La guida che ci illustra il tempio è fiera di farci notare che, a seguito del terremoto degli anni ’50, la ricostruzione coloniale che aveva convertito il tempio in convento domenicano è crollata. E’ rimasta in piedi la base, invece, costruita dagli Inka, inventori dei lego. Sì, la particolarità delle costruzioni nobiliari, dunque anche destinate ai luoghi di culto, era quella di assemblare grosse pietre levigate e lavorate a incastro, in modo che potessero reggersi senza aggiunta di alcun collante tra l’una e l’altra. Questo impressionante prodotto dell’ingegno architettonico ancora oggi resiste, in una delle zone più sismiche della terra.
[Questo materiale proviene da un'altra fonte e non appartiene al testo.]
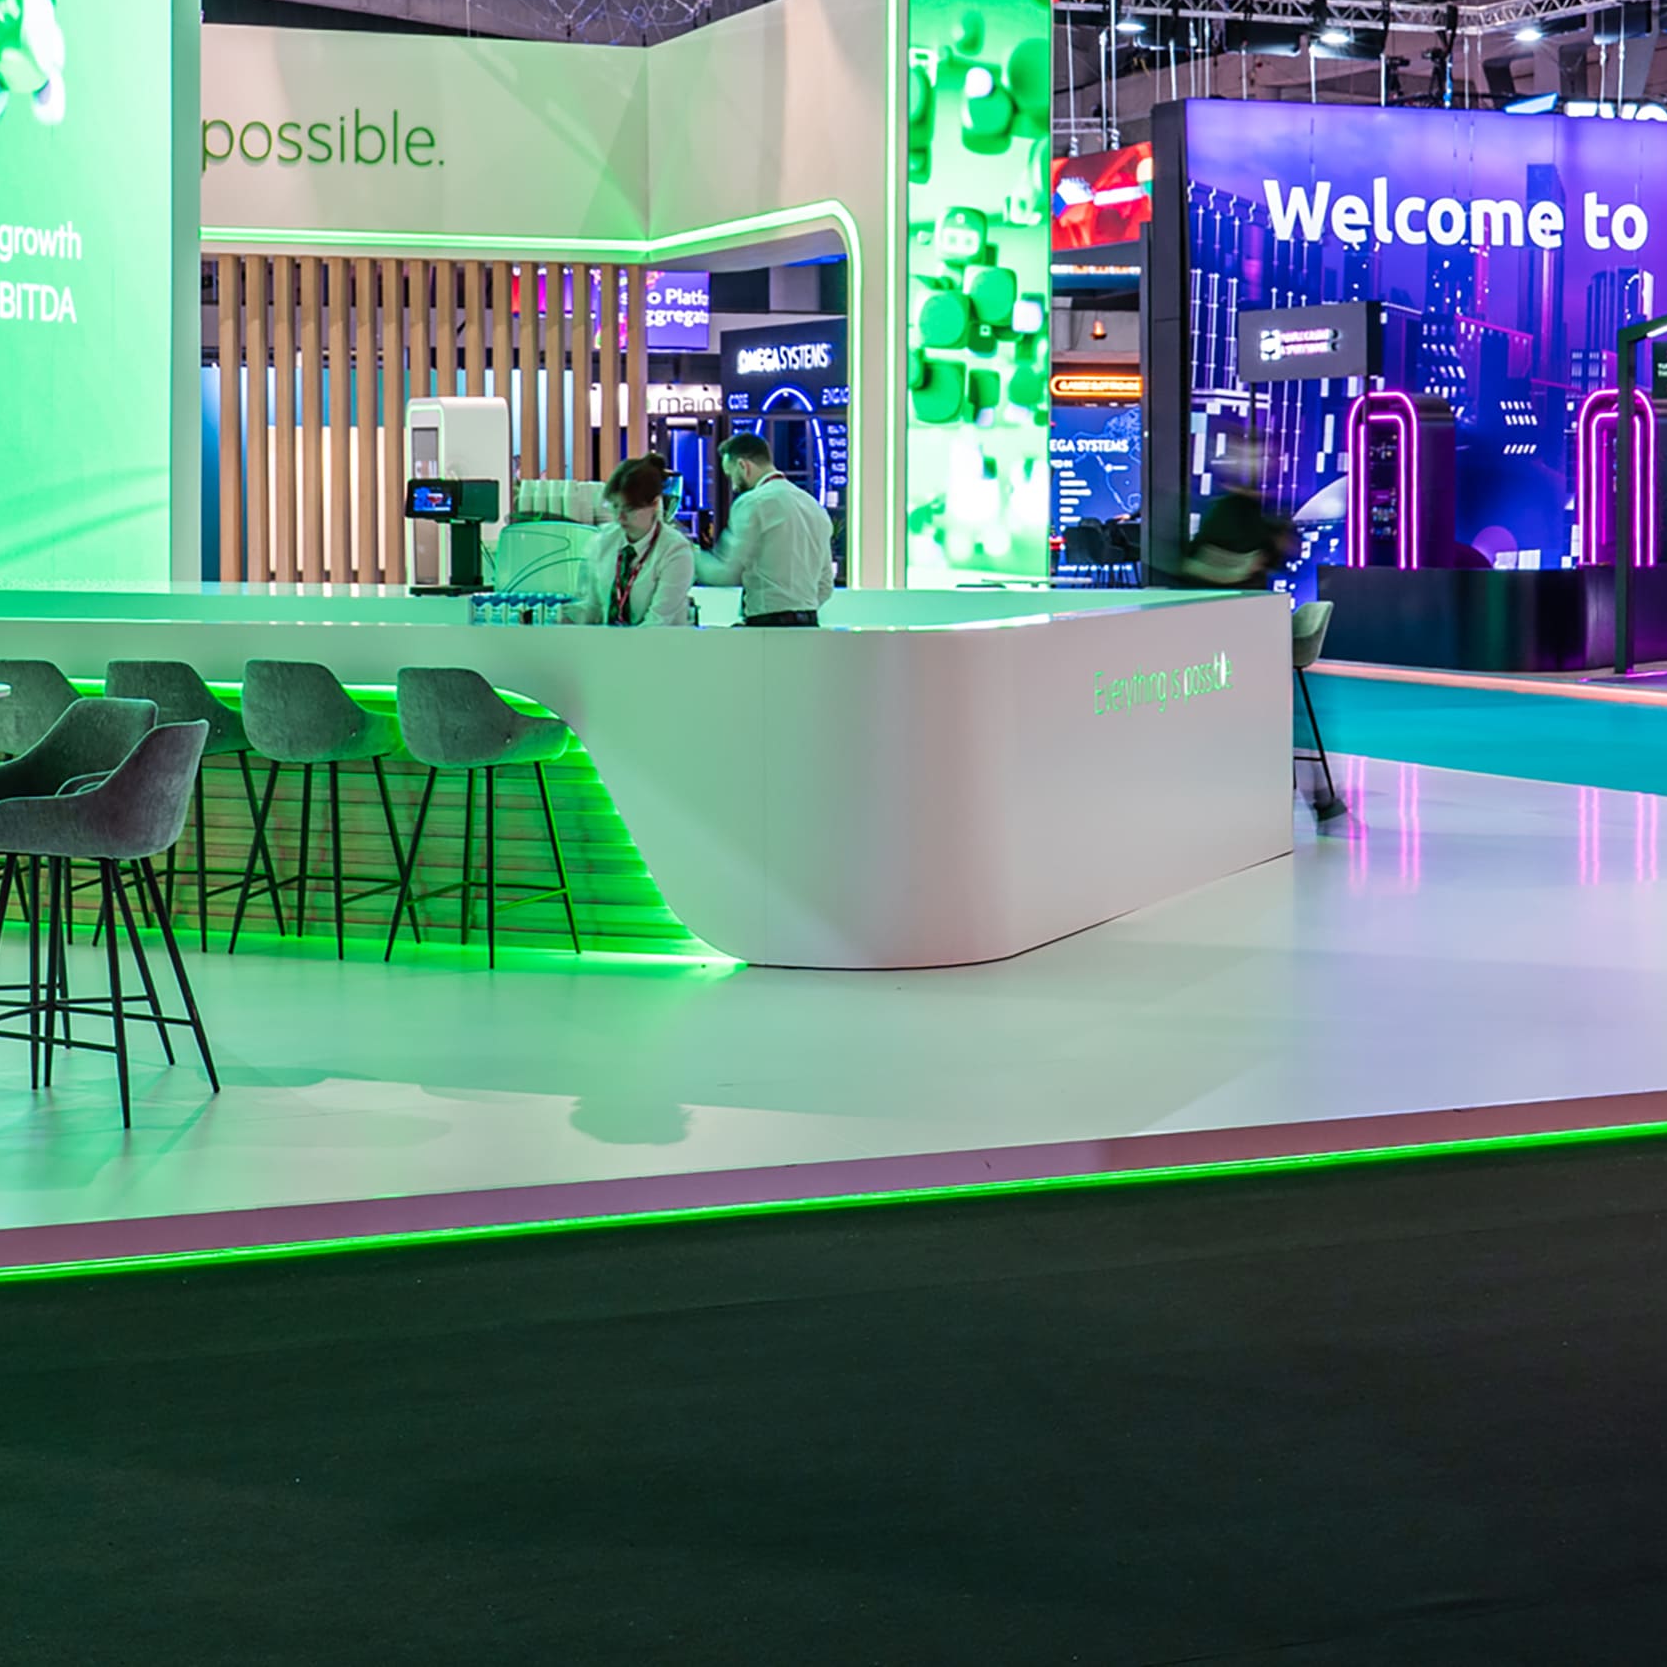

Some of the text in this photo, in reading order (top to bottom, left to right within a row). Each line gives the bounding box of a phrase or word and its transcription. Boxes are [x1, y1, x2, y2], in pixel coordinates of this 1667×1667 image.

[201, 108, 444, 172] possible.
[1263, 176, 1564, 249] Welcome
[1583, 191, 1648, 251] to
[1050, 439, 1075, 452] EGA
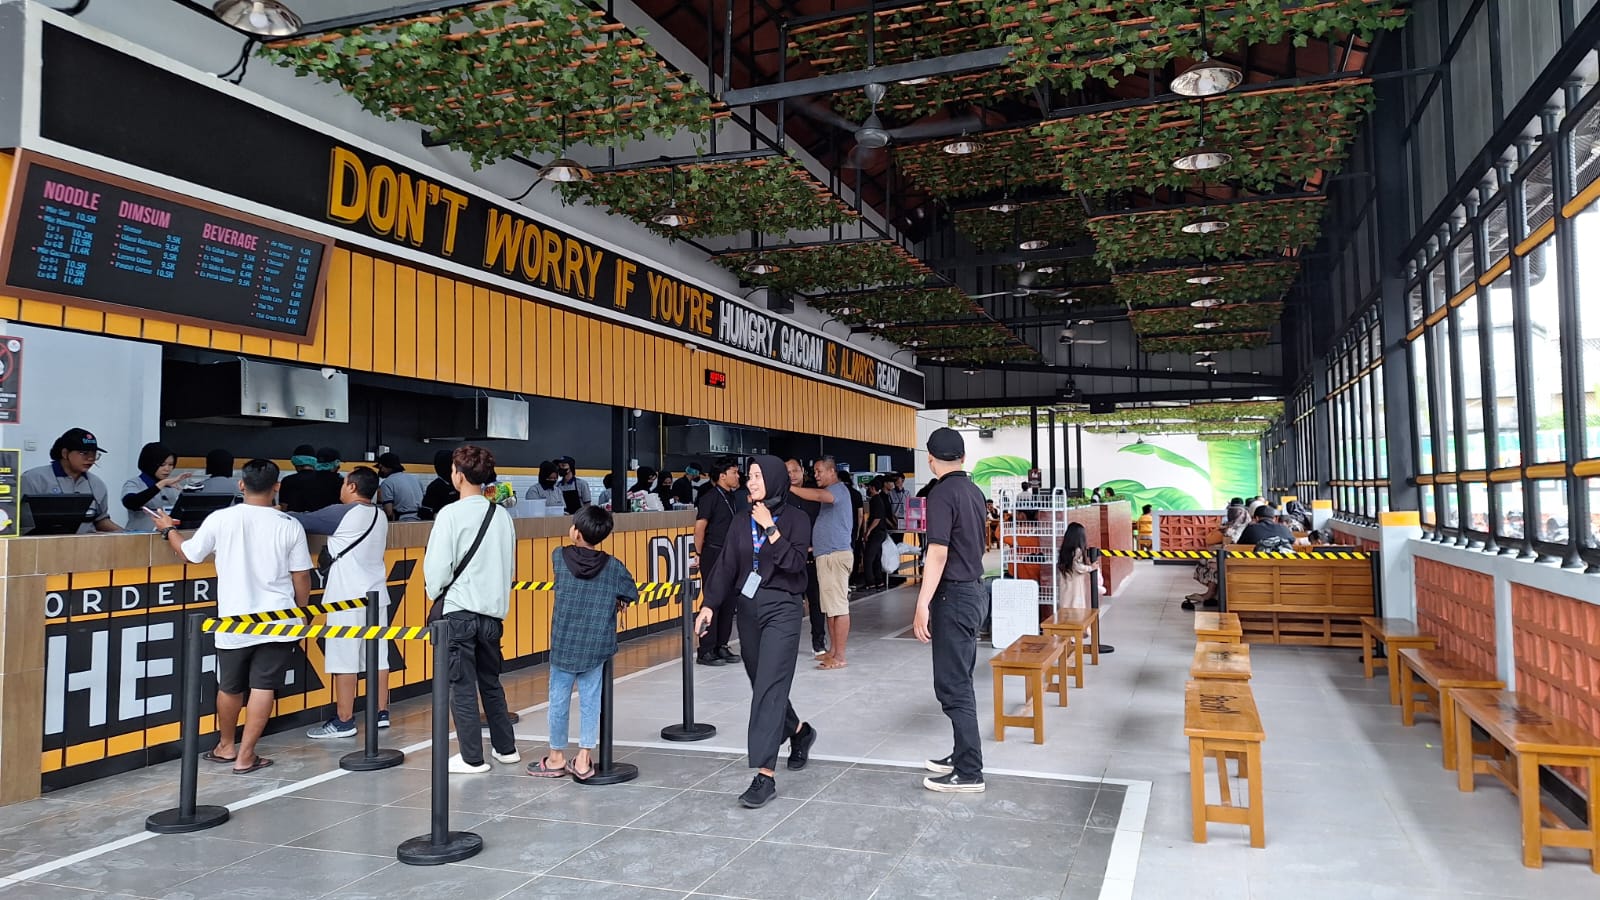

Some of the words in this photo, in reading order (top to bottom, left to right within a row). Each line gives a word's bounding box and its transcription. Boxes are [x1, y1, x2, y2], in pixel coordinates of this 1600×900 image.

[44, 181, 101, 210] NOODLE
[118, 200, 171, 228] DIMSUM
[202, 223, 259, 251] BEVERAGE
[327, 146, 468, 256] DON'T
[482, 207, 604, 301] WORRY
[613, 258, 637, 310] IF
[647, 270, 714, 337] YOU'RE
[718, 300, 777, 358] HUNGRY.
[780, 325, 823, 373] GACOAN
[827, 341, 837, 375] IS
[840, 347, 875, 386] ALWAYS
[877, 361, 901, 395] READY
[45, 579, 210, 618] ORDER
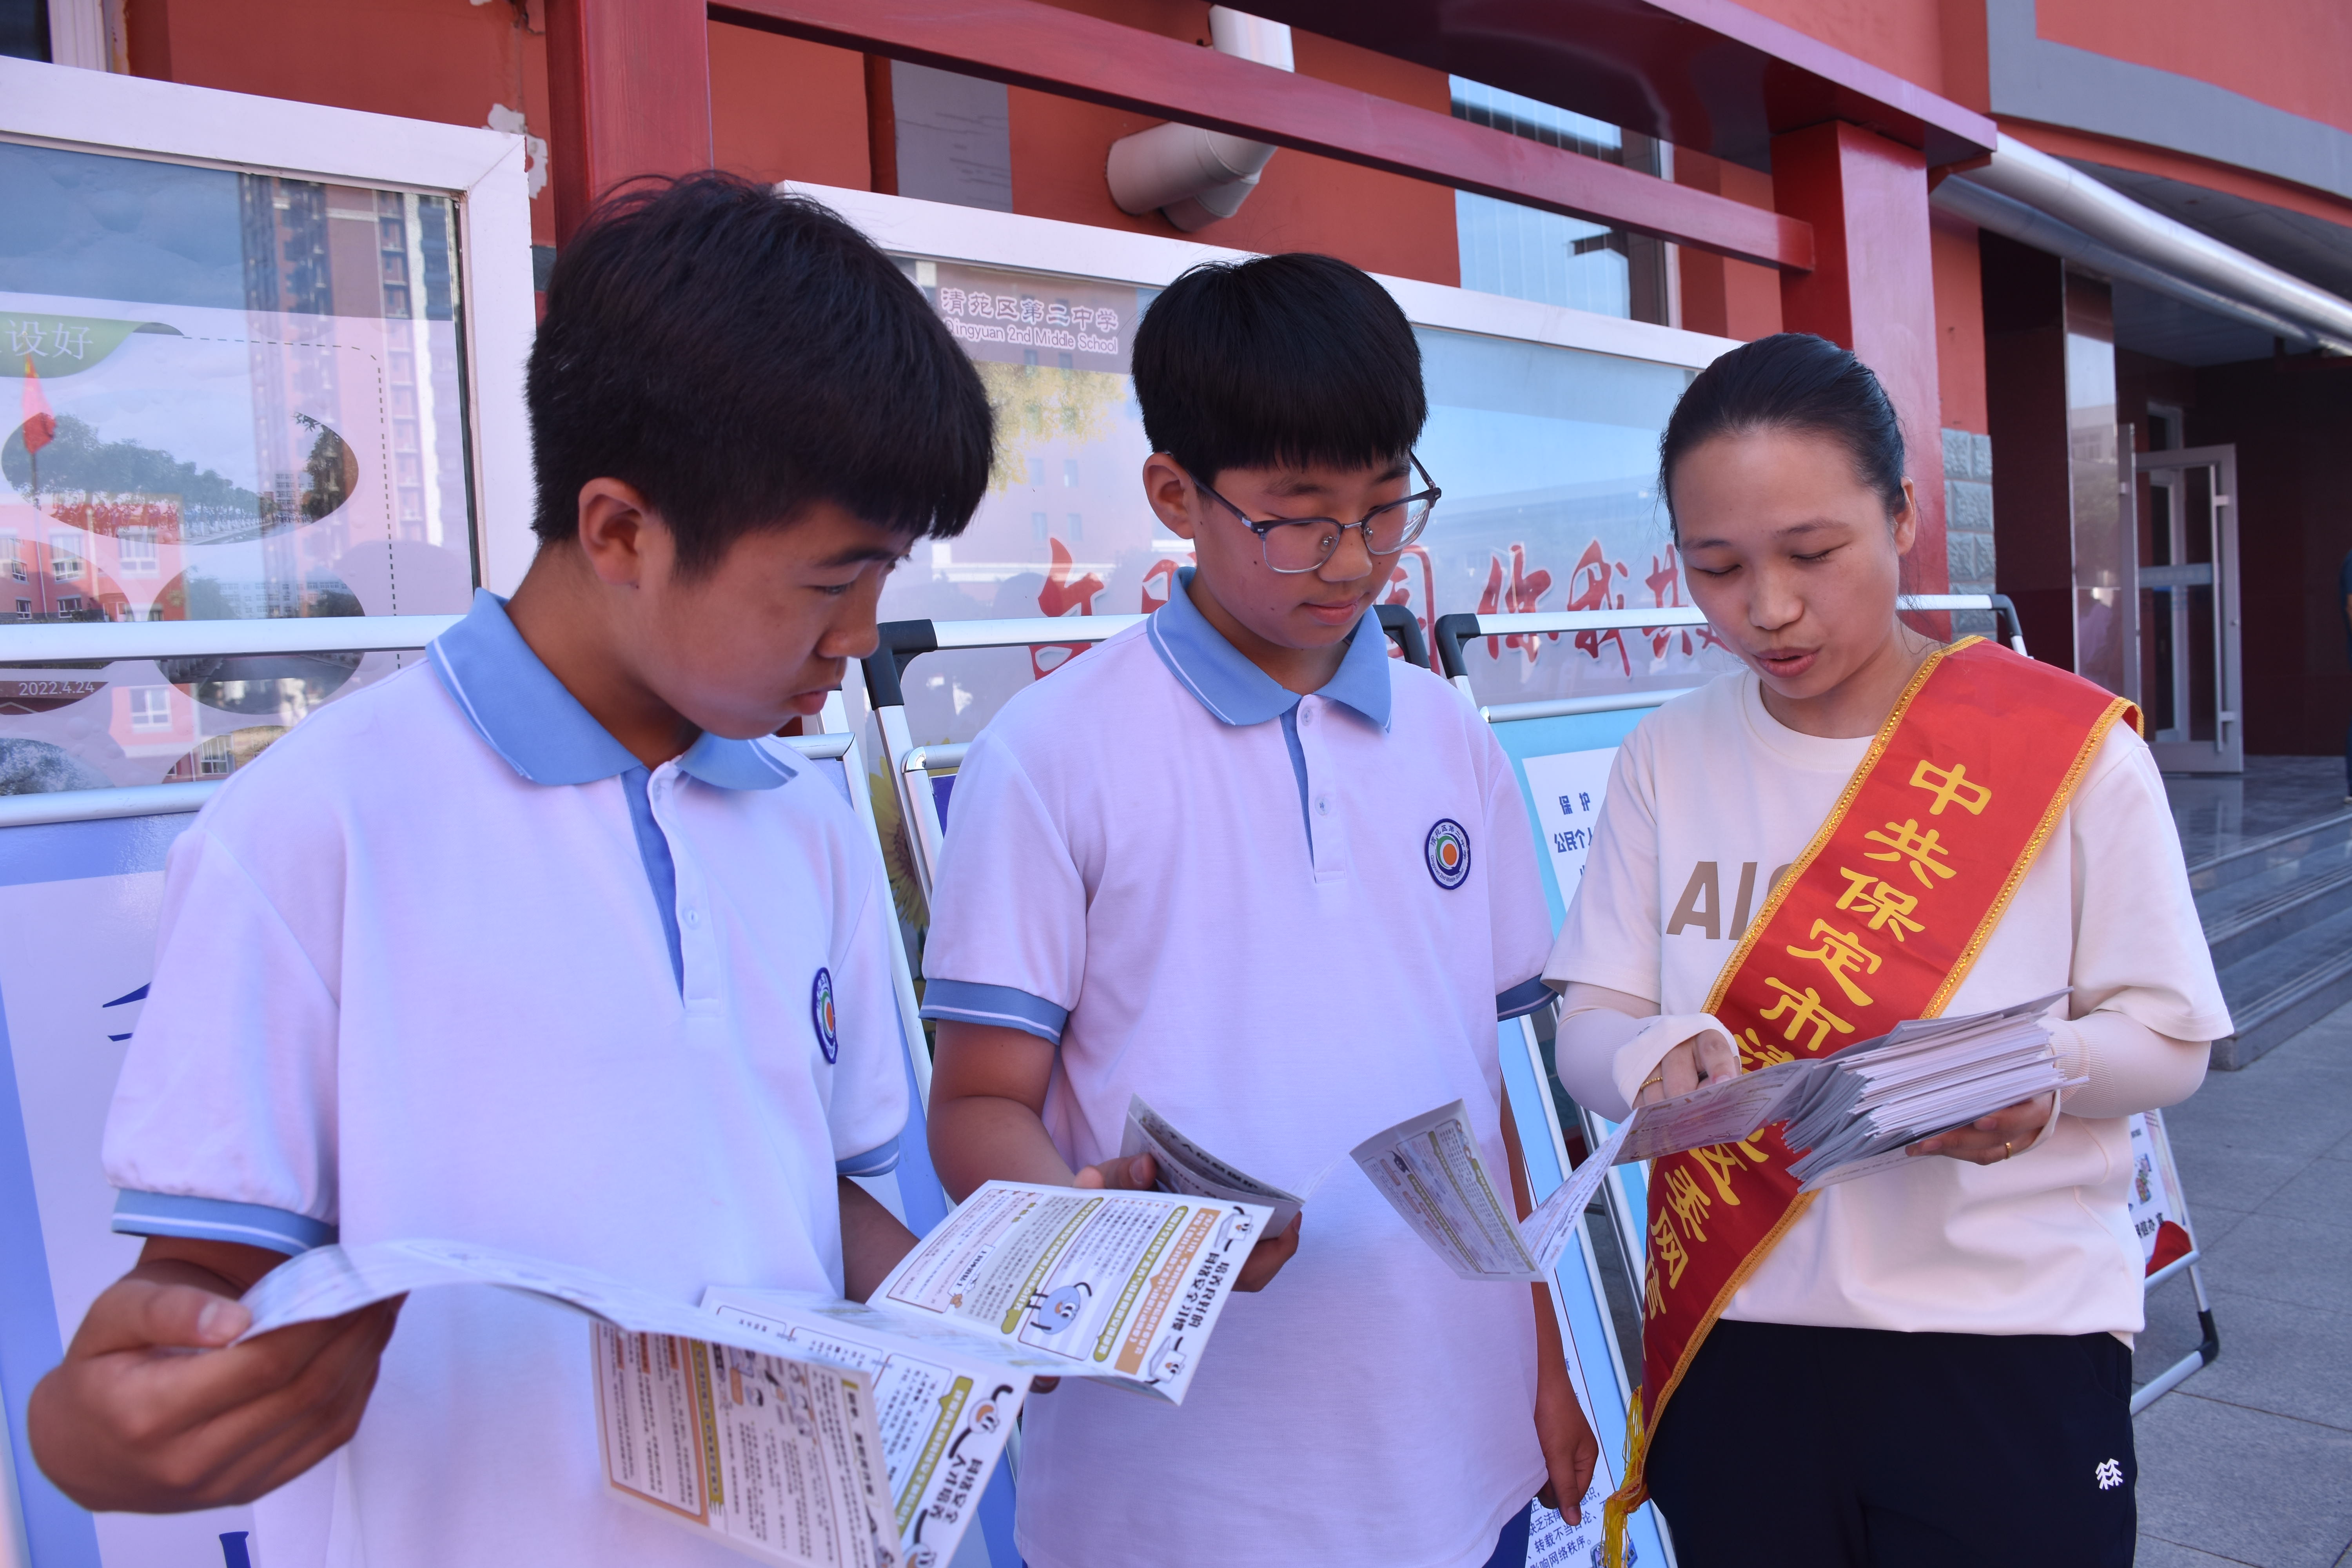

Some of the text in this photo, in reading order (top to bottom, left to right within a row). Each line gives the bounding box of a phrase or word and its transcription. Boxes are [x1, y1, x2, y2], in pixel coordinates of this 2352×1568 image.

[942, 288, 1118, 332] 清苑区第二中学
[0, 319, 93, 360] 设好
[944, 317, 1118, 353] Qingyuan 2nd Middle School
[19, 681, 95, 696] 2022.4.24
[1666, 861, 1793, 940] AI
[1529, 1487, 1600, 1536] 缺乏法律意识，
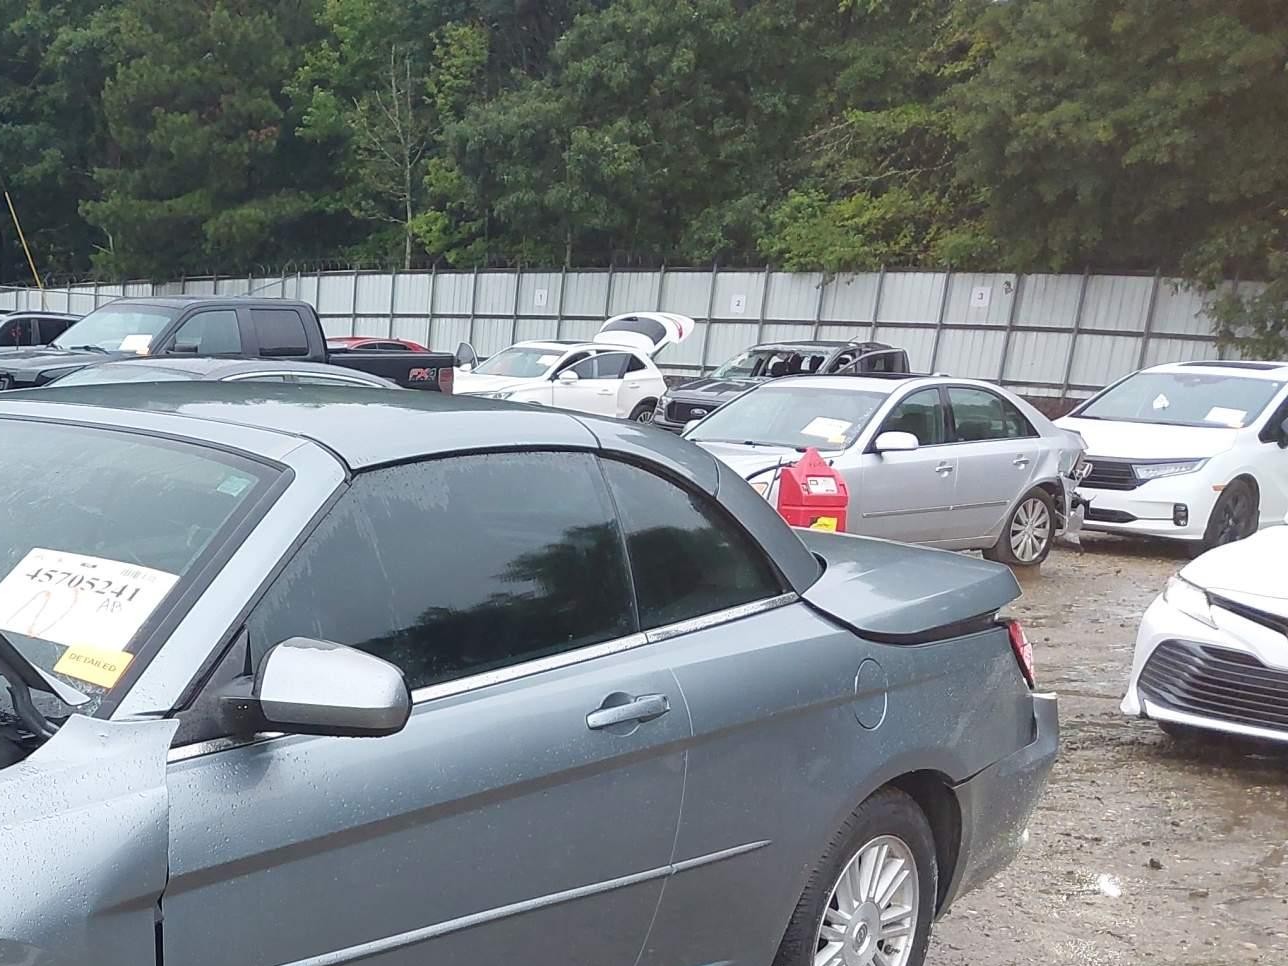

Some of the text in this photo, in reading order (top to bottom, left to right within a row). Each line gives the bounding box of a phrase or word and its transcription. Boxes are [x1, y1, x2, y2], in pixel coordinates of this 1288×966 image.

[408, 367, 437, 382] FX4
[24, 567, 141, 602] 45705241
[68, 652, 117, 673] DETAILED
La guida sorride fieramente nel raccontarcelo:

«Questa è la differenza tra l’architettura Inka e quella degli inca…paci» – ribadisce tutto contento.

Dalla contraddizione d’esser spagnoli ma non troppo nasce la bevanda tipica peruviana, il pisco. Un distillato di uve, non invecchiato quindi più simile all’acquavite che al brandy. Secondo la ricostruzione più attendibile, l’uva fu introdotta dagli spagnoli nel XVI secolo, che tuttavia proibirono alle colonie la produzione di vino, destinato unicamente alla madrepatria. Alle colonie non era consentito impiantare manifatture di qualsiasi tipo, commerciare fra loro, piantare viti. Così nacque questo superalcolico delizioso, ormai patrimonio indiscutibile della tradizione peruviana.

                Nonostante abbiano subìto per lungo tempo le imposizioni coloniali della Spagna, l’esterofilia dei peruviani è quasi imbarazzante nei confronti degli europei. Sembra qualsiasi cosa venga dall’Europa sia sinonimo di qualità, incluse le persone. Questa sorta di complesso atavico li rende sempre reverenti nei confronti dello straniero occidentale. Ti ammirano a prescindere, ti osservano per stanare l’ultima moda che venga da lontano e copiarla. Esterofilia che scompare di fronte all’immigrazione venezuelana, di cui molti peruviani si lamentano instancabilmente.

Del Perù mi resta addosso questa altalena d’amore e odio per l’estraneo, sulla quale ho dondolato per un paio di settimane. A distanza di un mese dal mio ritorno in Italia, ho ancora gli occhi pregni della sua vegetazione mozzafiato, delle montagne più alte, delle vallate scoscese. Mi resta dentro la sua storia, insieme dichiarata e mistica. Penso a quelle tradizioni nate per staccarsi le catene del colonialismo, all’emozione negli occhi della gente, vecchi e piccini, per aver avuto l’occasione di competere per la coppa del mondo a distanza di 36 anni dall’ultima volta. Il mio armadio ancora più colorato dagli acquisti fatti, il cotone pregiato, il cuoio lavorato a mano. E anche questa volta posso dire: per fortuna che ho la fobia dei volatili, ma non quella di volare!